▸ **Exercise**
Print all of the records. Exclude the images.

Stored records
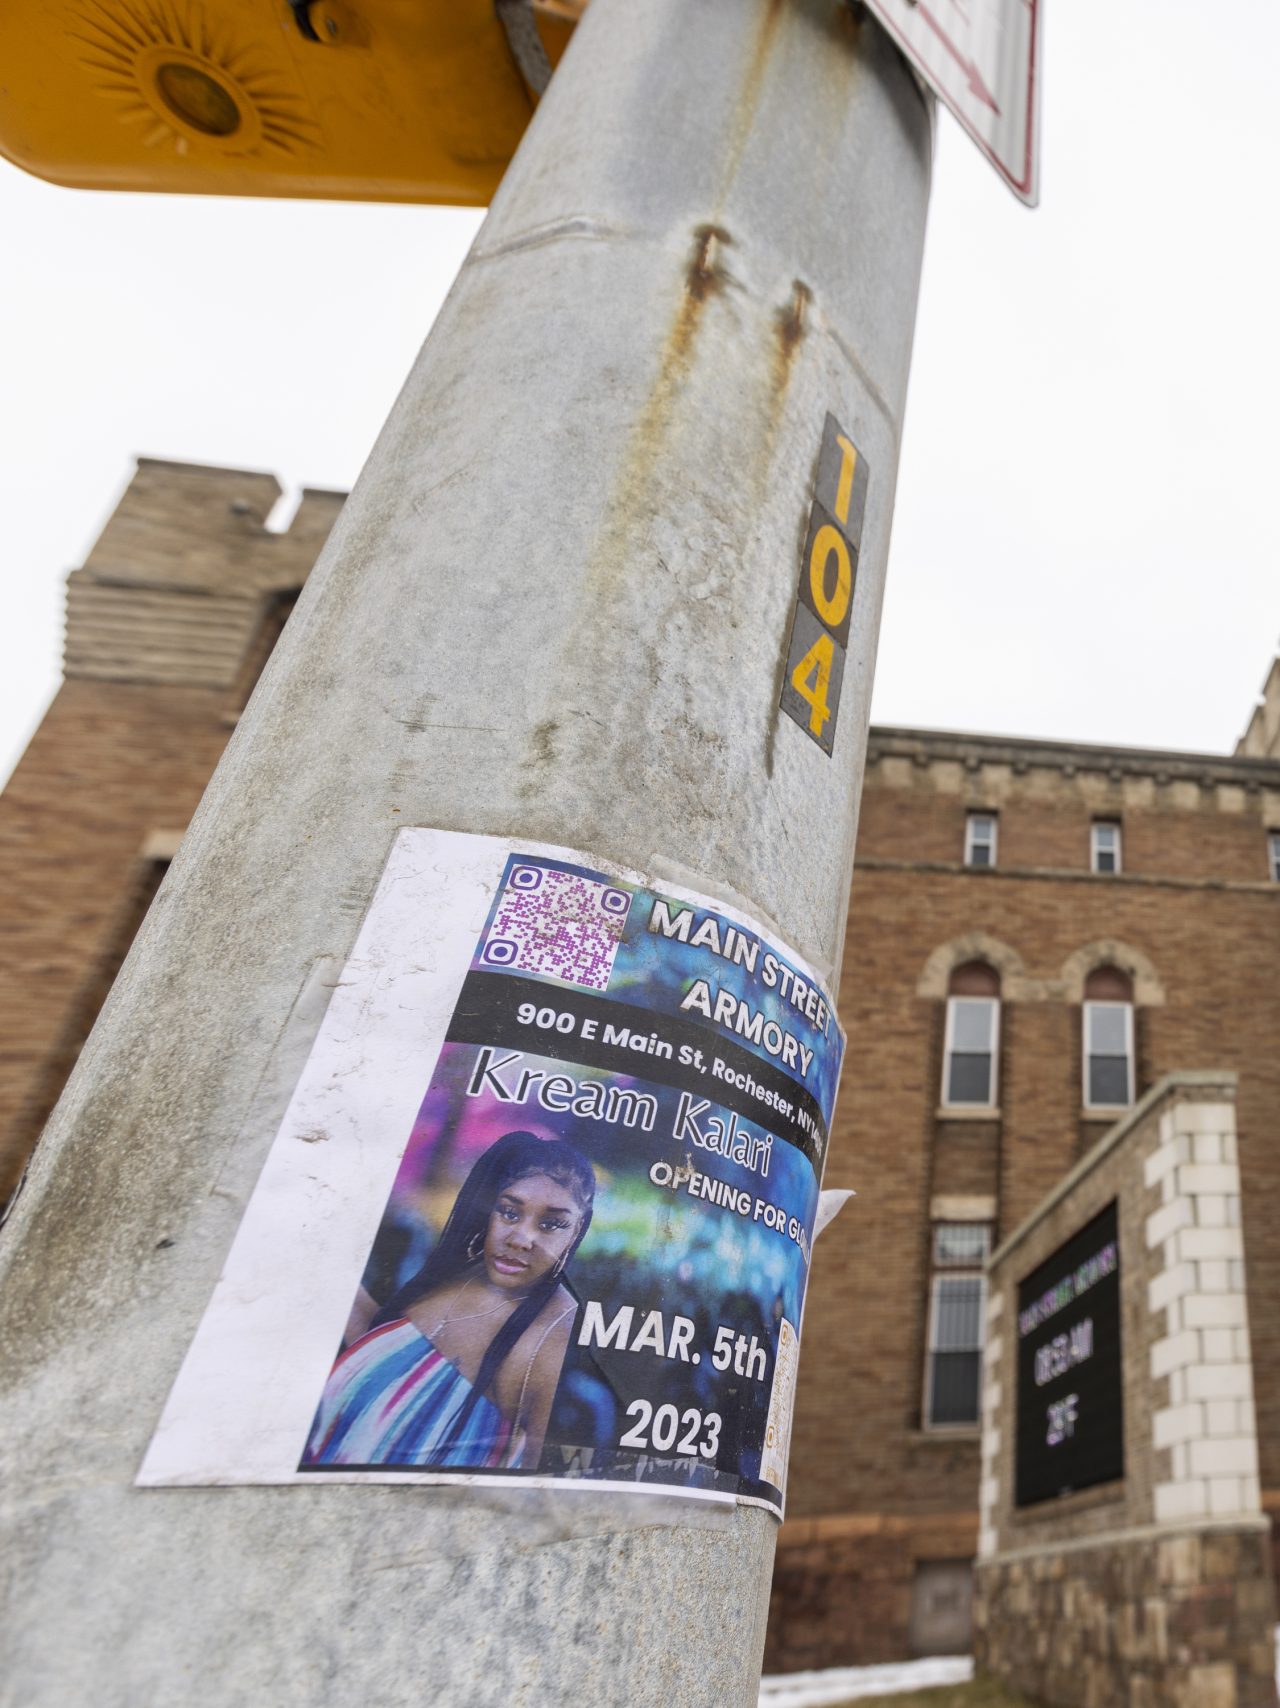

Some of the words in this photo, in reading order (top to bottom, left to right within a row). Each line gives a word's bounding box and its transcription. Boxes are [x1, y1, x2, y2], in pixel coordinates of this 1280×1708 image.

[791, 434, 857, 737] 104
[648, 900, 760, 974] MAIN
[762, 952, 832, 1040] STREET
[517, 1002, 576, 1035] 900
[580, 1019, 598, 1041] E
[602, 1023, 673, 1061] Main
[678, 1044, 709, 1076] St,
[711, 1057, 796, 1123] Rochester,
[680, 980, 814, 1078] ARMORY
[466, 1045, 658, 1131] Kream
[673, 1092, 773, 1176] Kalari
[650, 1161, 751, 1216] OPENING
[753, 1198, 787, 1234] FOR
[577, 1301, 701, 1365] MAR.
[711, 1326, 767, 1382] 5th
[619, 1399, 723, 1459] 2023
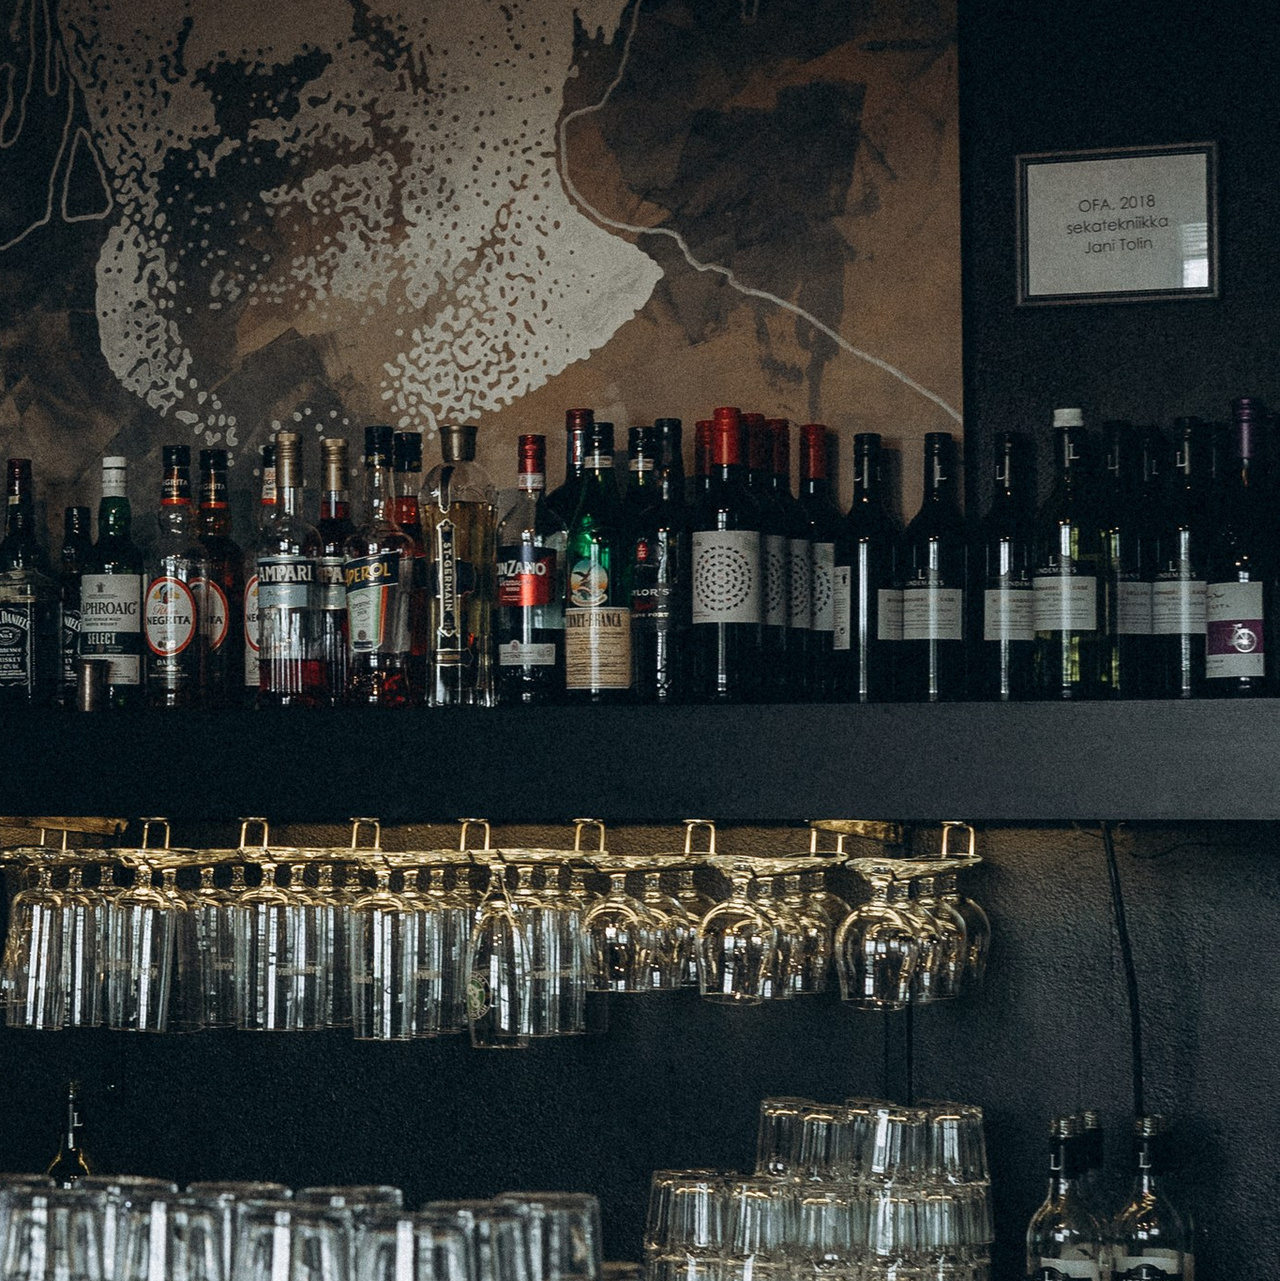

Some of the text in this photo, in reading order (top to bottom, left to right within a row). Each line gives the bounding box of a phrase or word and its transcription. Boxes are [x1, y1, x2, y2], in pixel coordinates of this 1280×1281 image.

▸ **Result**
Some of the words in this photo, in reading order (top to bottom, left to right within a row). Each line gives a word's bounding box and its transcription. Boxes are [x1, y1, x2, y2], in pixel coordinates of this 1280×1708 image.

[791, 434, 857, 737] 104
[648, 900, 760, 974] MAIN
[762, 952, 832, 1040] STREET
[517, 1002, 576, 1035] 900
[580, 1019, 598, 1041] E
[602, 1023, 673, 1061] Main
[678, 1044, 709, 1076] St,
[711, 1057, 796, 1123] Rochester,
[680, 980, 814, 1078] ARMORY
[466, 1045, 658, 1131] Kream
[673, 1092, 773, 1176] Kalari
[650, 1161, 751, 1216] OPENING
[753, 1198, 787, 1234] FOR
[577, 1301, 701, 1365] MAR.
[711, 1326, 767, 1382] 5th
[619, 1399, 723, 1459] 2023

Some of the text in this photo, in reading order (top to bottom, left to right within a row). Each line gives the bounding box of a phrase or word and its transcription. Boxes are [x1, y1, x2, y2], in pixel coordinates of this 1280×1281 image.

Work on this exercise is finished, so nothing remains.